— PROBLEM REQUIREMENTS —
Please copy the records below word for word, leaving out the pictures.

— DATA EXTRACT —
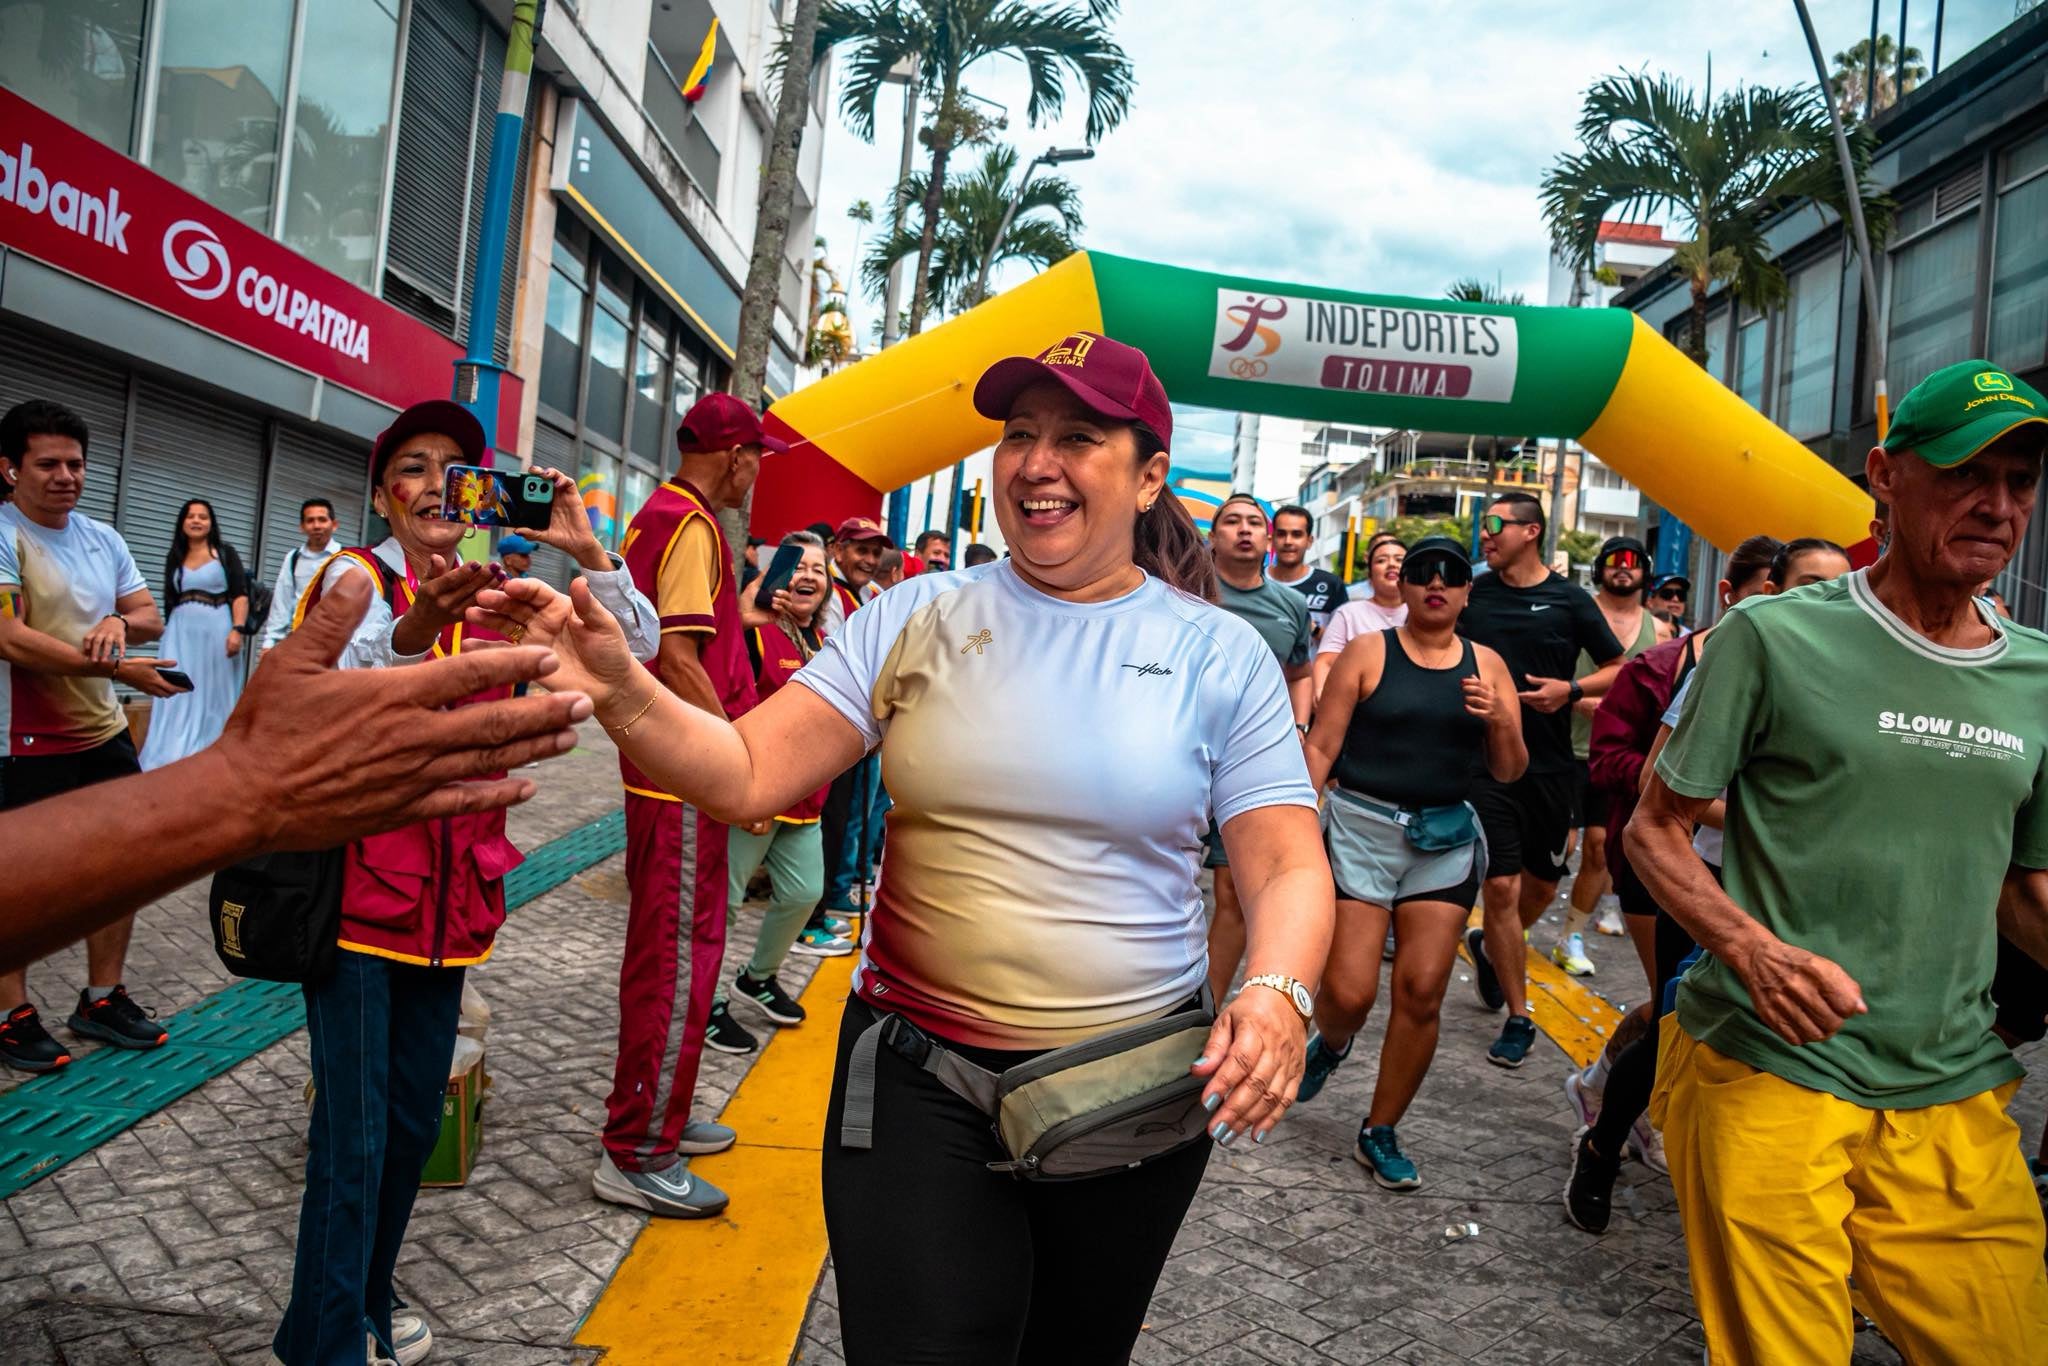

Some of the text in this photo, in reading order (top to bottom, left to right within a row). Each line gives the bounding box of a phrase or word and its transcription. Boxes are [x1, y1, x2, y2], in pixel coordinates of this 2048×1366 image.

[236, 266, 370, 364] COLPATRIA
[1306, 301, 1500, 358] INDEPORTES
[1342, 361, 1447, 396] TOLIMA
[1964, 393, 2035, 411] JOHN DEERE
[1878, 711, 2024, 753] SLOW DOWN
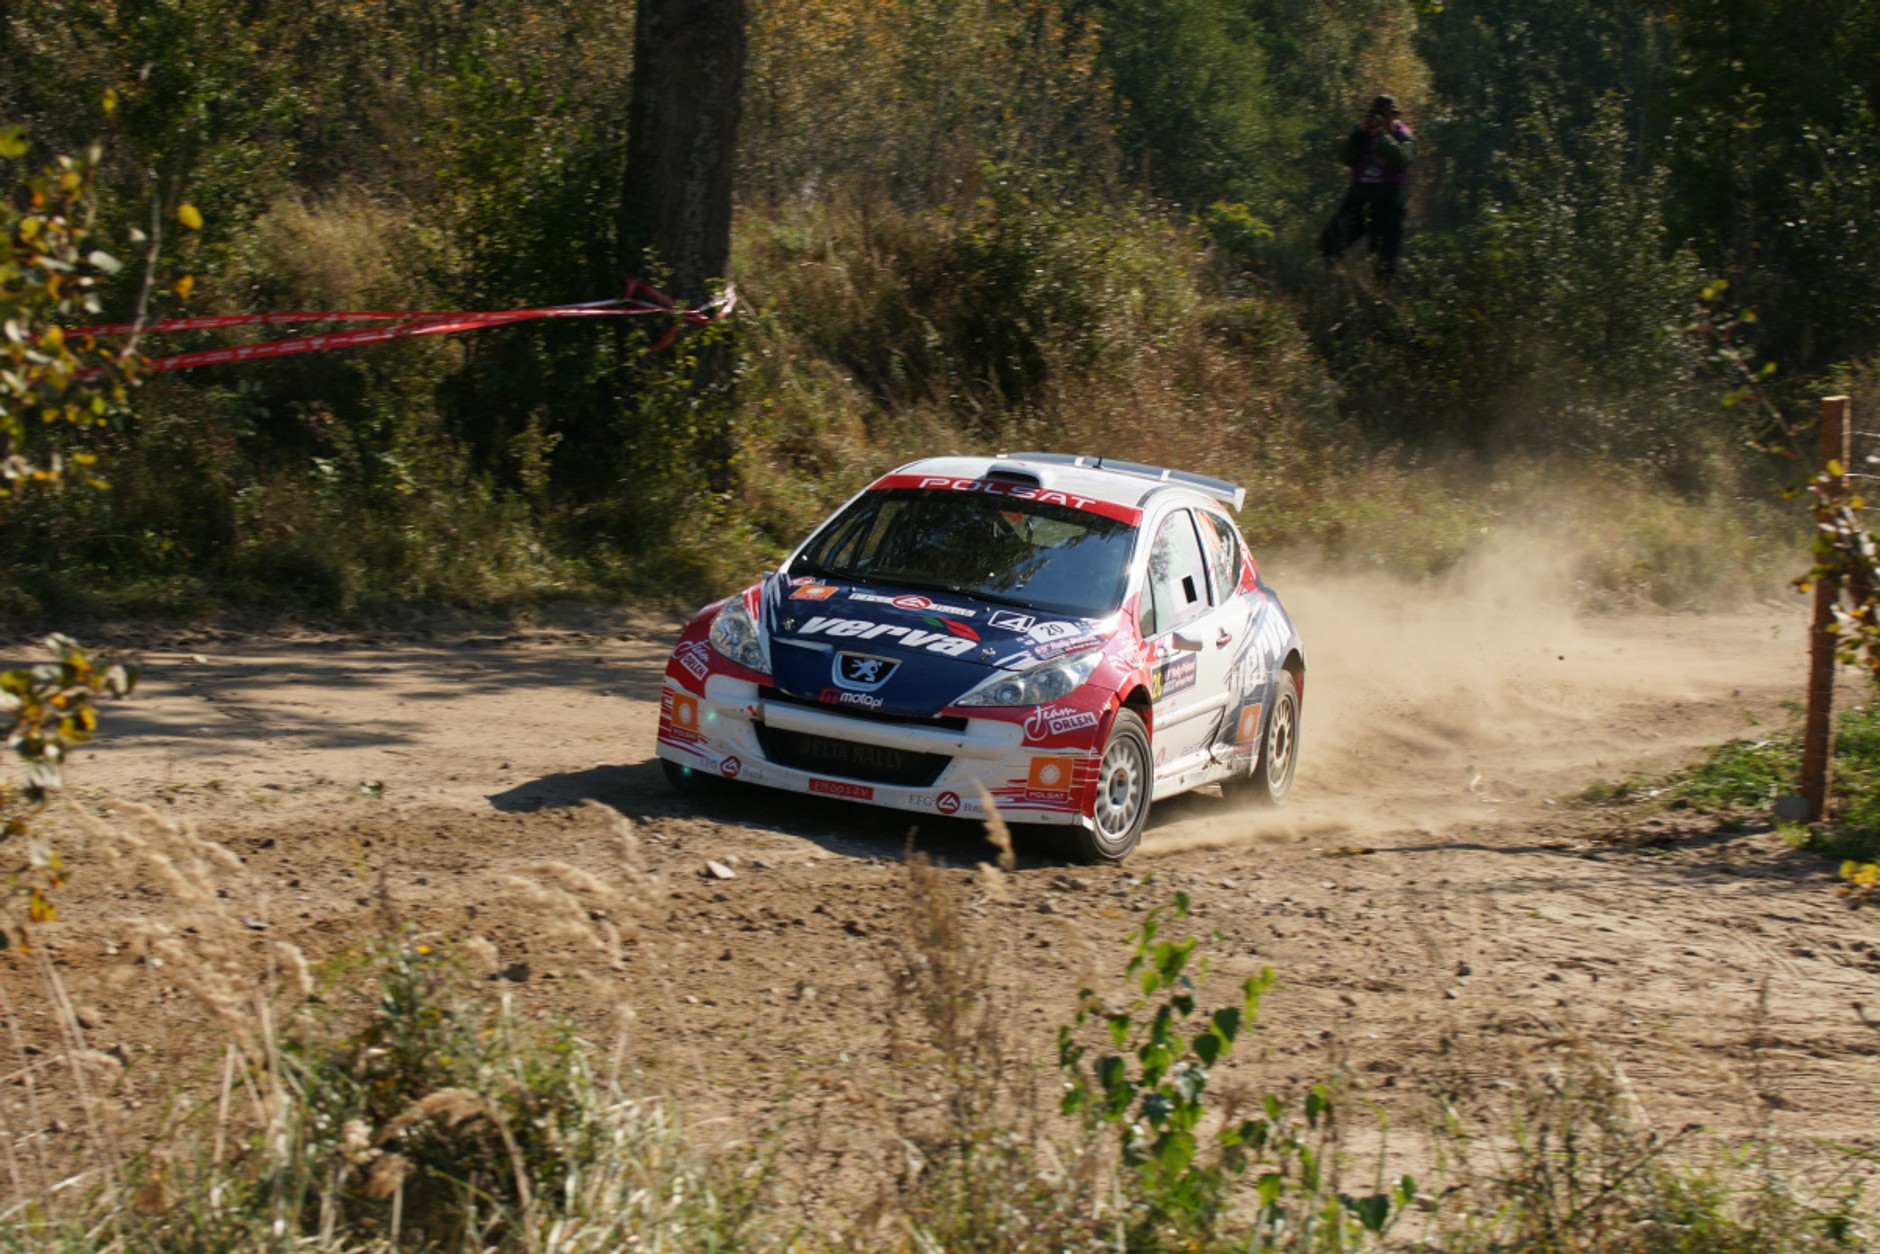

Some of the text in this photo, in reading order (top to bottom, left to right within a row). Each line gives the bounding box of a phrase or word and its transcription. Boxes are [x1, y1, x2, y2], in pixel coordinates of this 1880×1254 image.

— SOLUTION TO THE PROBLEM —
Some of the text in this photo, in reading order (top to bottom, left to right within a row). Each line gives the bounding box of a phrase or word and its transcription. Boxes are [x1, y1, x2, y2], in pixel coordinates of this 2048×1366 image.

[236, 266, 370, 364] COLPATRIA
[1306, 301, 1500, 358] INDEPORTES
[1342, 361, 1447, 396] TOLIMA
[1964, 393, 2035, 411] JOHN DEERE
[1878, 711, 2024, 753] SLOW DOWN

Some of the text in this photo, in reading order (top to bottom, left to right within a row). Each line gives the bounding box of a phrase or word and its transcription. Boxes are [x1, y1, x2, y2], in pixel coordinates of this 1880×1254 image.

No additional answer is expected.